Luca Jaquez

Personal information
- Full name: Luca Antony Jaquez
- Date of birth: 2 June 2003 (age 23)
- Place of birth: Lucerne, Switzerland
- Height: 1.87 m (6 ft 2 in)
- Position: Centre-back

Team information
- Current team: VfB Stuttgart
- Number: 14

Youth career
- SC Obergeissenstein
- 2013–2022: Luzern

Senior career*
- Years: Team / Apps / (Gls)
- 2021–2023: Luzern U21 / 31 / (2)
- 2022–2025: Luzern / 60 / (3)
- 2025–: VfB Stuttgart / 19 / (0)

International career^{‡}
- 2017: Switzerland U15 / 2 / (0)
- 2021: Switzerland U19 / 2 / (0)
- 2022–2023: Switzerland U20 / 3 / (0)
- 2024–: Switzerland U21 / 3 / (0)
- 2025–: Switzerland / 5 / (0)

= Luca Jaquez =

Swiss footballer (born 2003)

Luca Antony Jaquez (born 2 June 2003) is a Swiss professional footballer who plays as a centre-back for German club VfB Stuttgart and the Switzerland national team.

==Club career==
Jaquez is a youth product of SC Obergeissenstein, before moving to the youth academy of Luzern in 2013. He signed his first professional contract with Luzern on 27 January 2022 until 2025. He made his professional debut with Luzern in a 3–0 Swiss Super League loss to Basel on 30 January 2022. On 24 November 2022, he extended his contract with Luzern until 2026.
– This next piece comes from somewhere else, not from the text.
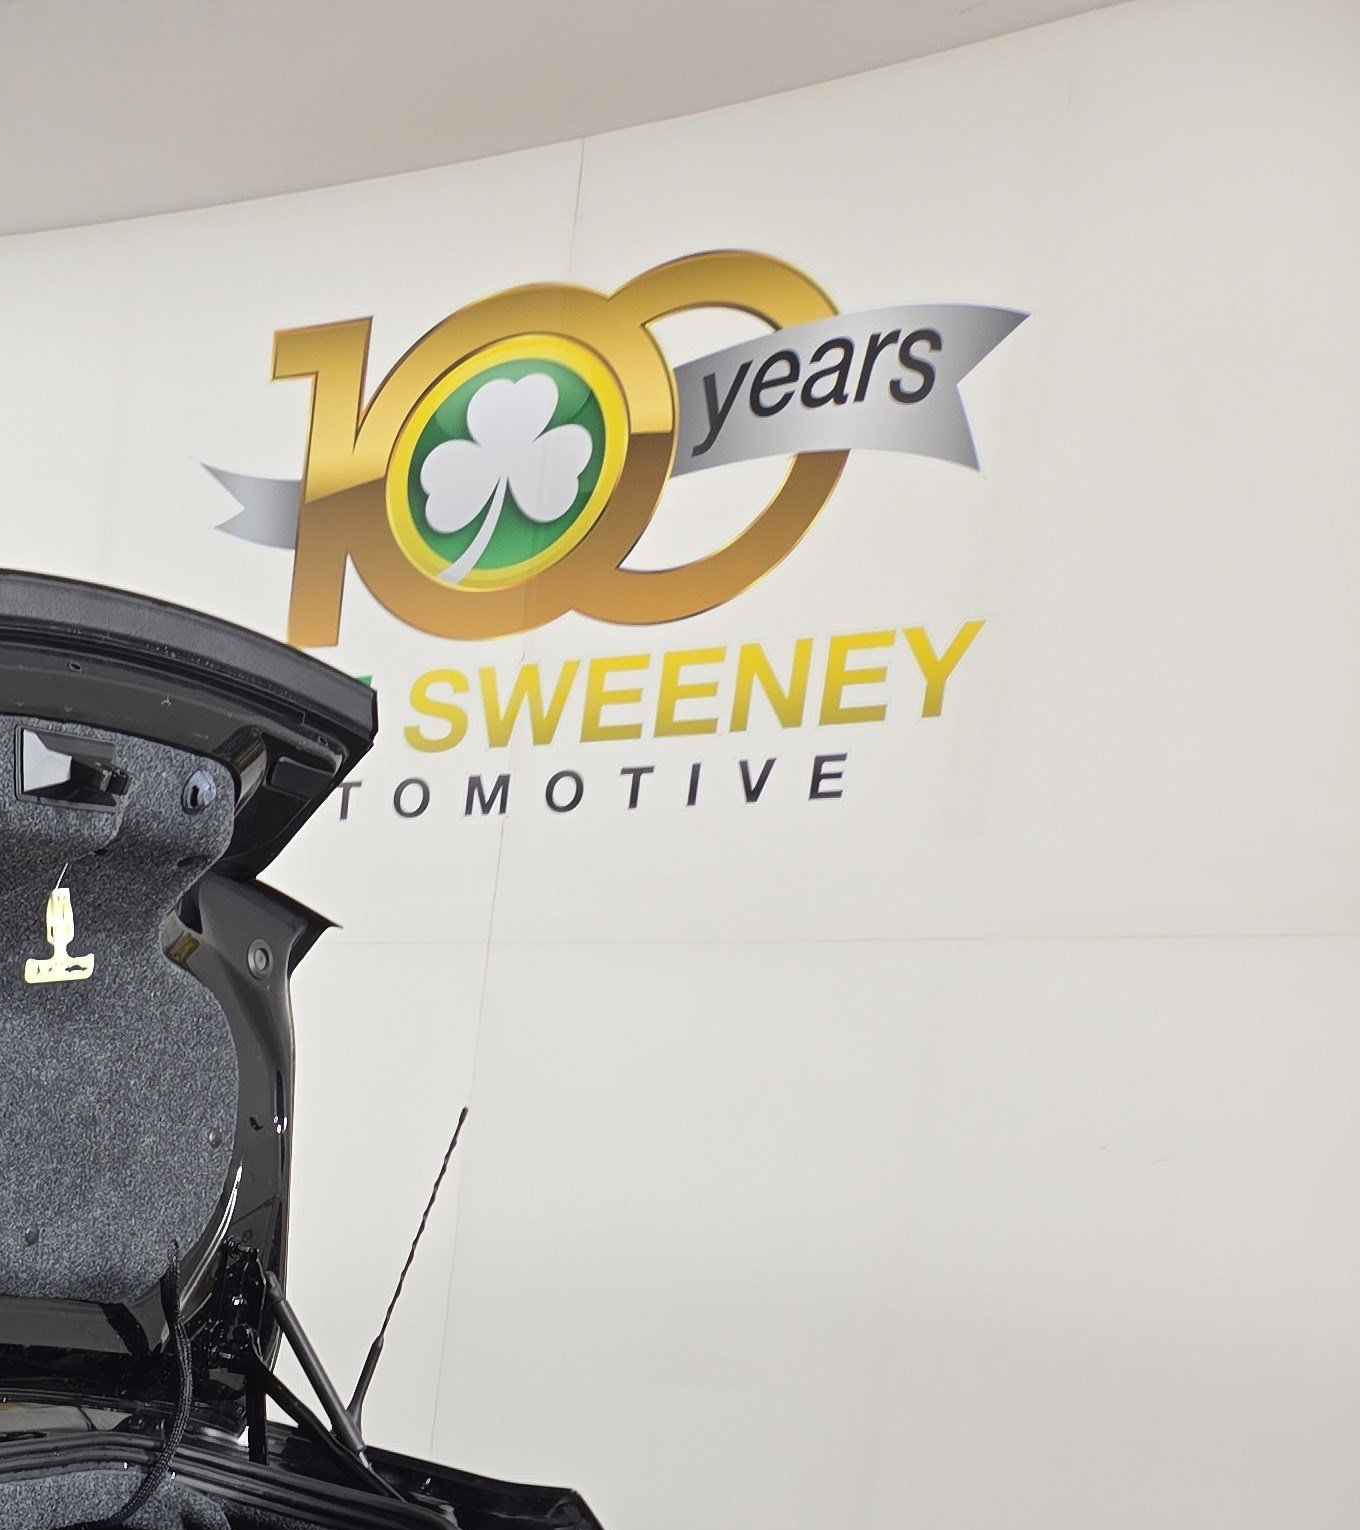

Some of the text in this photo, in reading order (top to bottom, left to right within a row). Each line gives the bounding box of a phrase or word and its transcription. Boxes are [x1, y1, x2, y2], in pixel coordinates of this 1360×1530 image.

[690, 325, 944, 458] years
[403, 619, 987, 753] SWEENEY
[337, 752, 850, 821] TOMOTIVE
On 3 February 2025, Jaquez moved to German club VfB Stuttgart on a four-and-a-half-year contract.

==International career==
Jaquez was born in Switzerland to a Dominican father and Swiss mother. He is a youth international for Switzerland, having played for the Switzerland U20s in 2022. He was called up to the senior Switzerland national team for a set of 2026 FIFA World Cup qualification – UEFA Group B matches in October 2025.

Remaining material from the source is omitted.